*** Information shown Section Begins ***

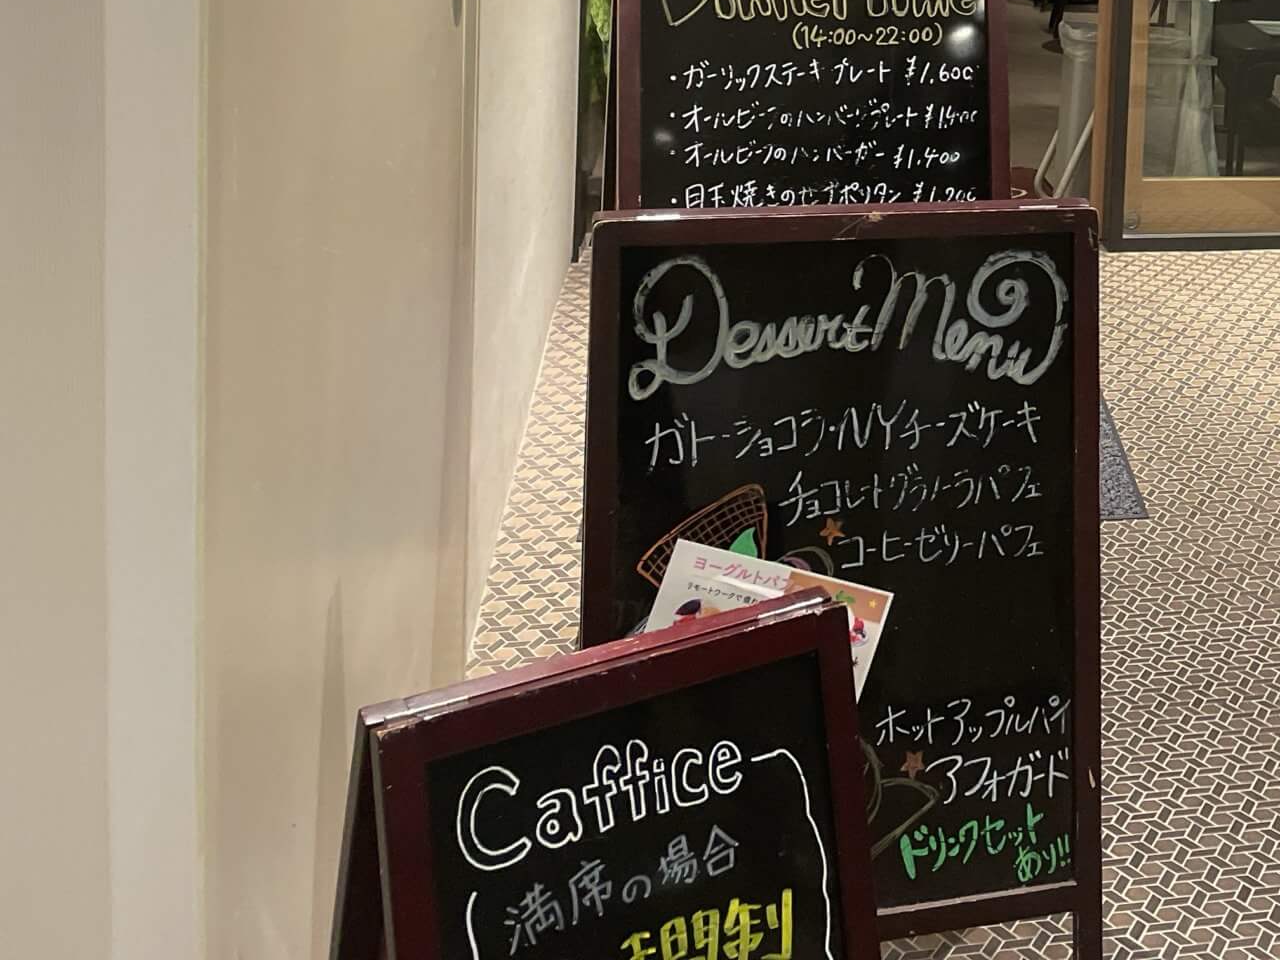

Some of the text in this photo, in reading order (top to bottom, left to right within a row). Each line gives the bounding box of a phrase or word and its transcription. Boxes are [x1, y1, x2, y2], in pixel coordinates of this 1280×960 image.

[628, 249, 1070, 401] Dessert Menu
[875, 696, 1072, 746] ホットアップルパイ
[456, 739, 744, 871] Caffice
[924, 747, 1070, 805] アフォガード
[502, 823, 740, 957] 満席の場合
[900, 802, 1044, 880] ドリンクセット

*** Information shown Section Ends ***

→ **What is being asked**
Pictures aren't part of the copy; return each record above exactly.

→ **Exercise solution**
Some of the text in this photo, in reading order (top to bottom, left to right within a row). Each line gives the bounding box of a phrase or word and its transcription. Boxes are [x1, y1, x2, y2], in pixel coordinates of this 1280×960 image.

[628, 249, 1070, 401] Dessert Menu
[875, 696, 1072, 746] ホットアップルパイ
[456, 739, 744, 871] Caffice
[924, 747, 1070, 805] アフォガード
[502, 823, 740, 957] 満席の場合
[900, 802, 1044, 880] ドリンクセット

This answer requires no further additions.